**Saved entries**
▬▬▬▬▬▬

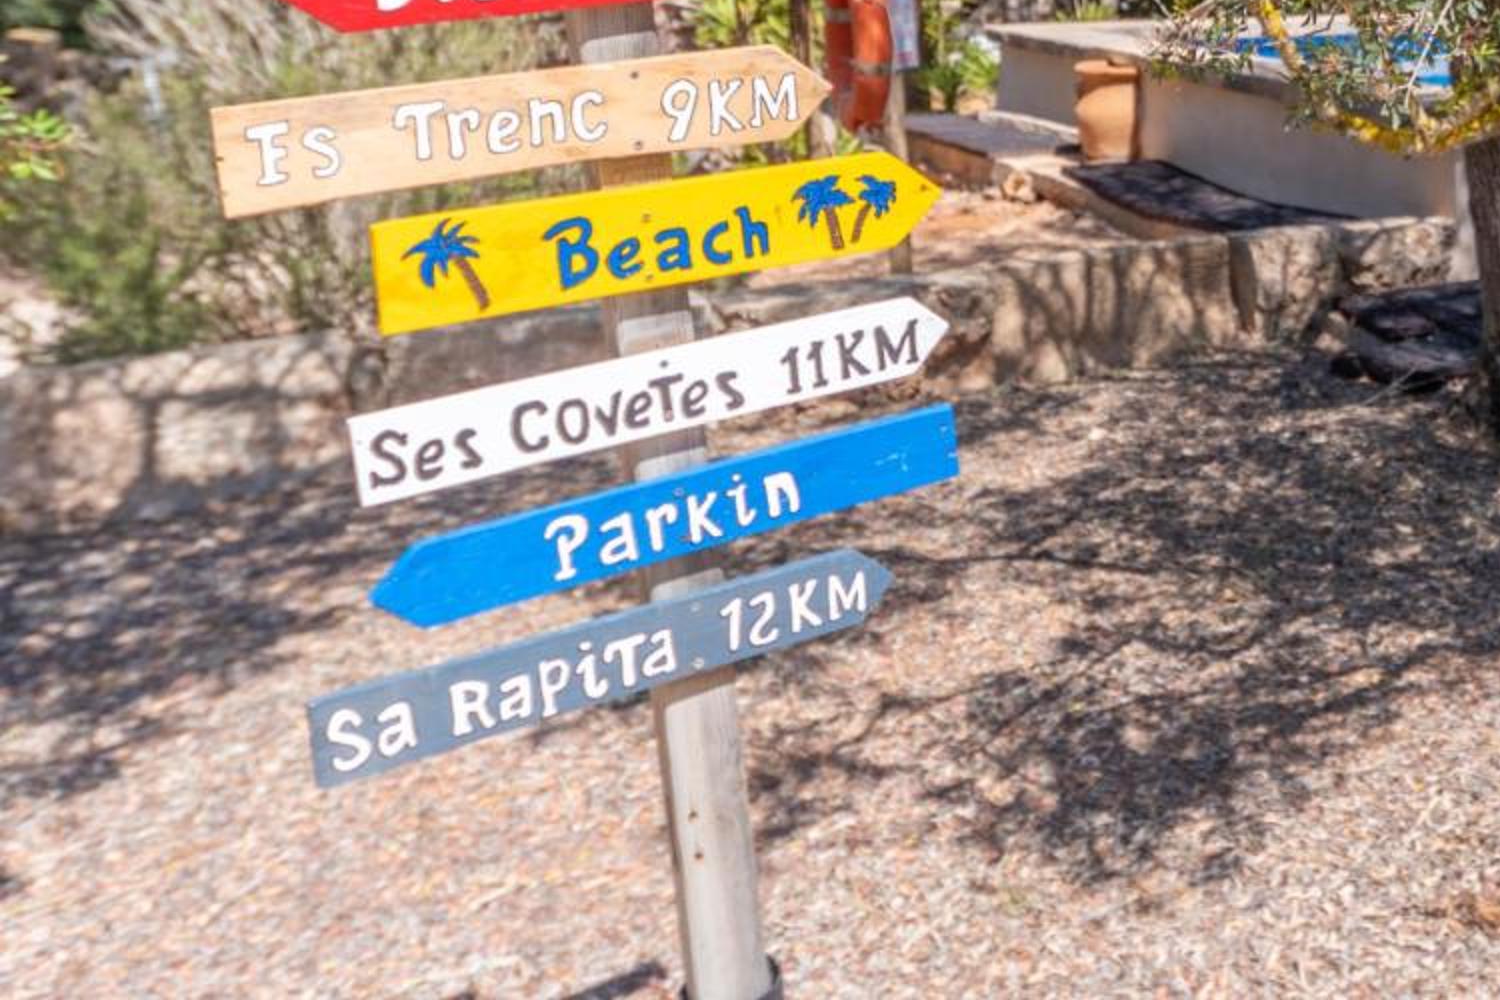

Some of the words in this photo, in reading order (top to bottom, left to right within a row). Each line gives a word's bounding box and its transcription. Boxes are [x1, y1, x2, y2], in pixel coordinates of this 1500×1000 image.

[246, 122, 341, 187] Es
[392, 91, 608, 160] Trenc
[661, 73, 800, 143] 9KM
[544, 207, 770, 289] Beach
[369, 428, 484, 490] Ses
[780, 318, 921, 394] 11KM
[543, 471, 801, 580] Parkin
[325, 701, 418, 773] Sa
[719, 569, 868, 651] 12KM

▬▬▬▬▬▬

Pictures do not belong in the copy. Please reproduce the entries above exactly otherwise.

Some of the words in this photo, in reading order (top to bottom, left to right within a row). Each line gives a word's bounding box and its transcription. Boxes are [x1, y1, x2, y2], in pixel coordinates of this 1500×1000 image.

[246, 122, 341, 187] Es
[392, 91, 608, 160] Trenc
[661, 73, 800, 143] 9KM
[544, 207, 770, 289] Beach
[369, 428, 484, 490] Ses
[780, 318, 921, 394] 11KM
[543, 471, 801, 580] Parkin
[325, 701, 418, 773] Sa
[719, 569, 868, 651] 12KM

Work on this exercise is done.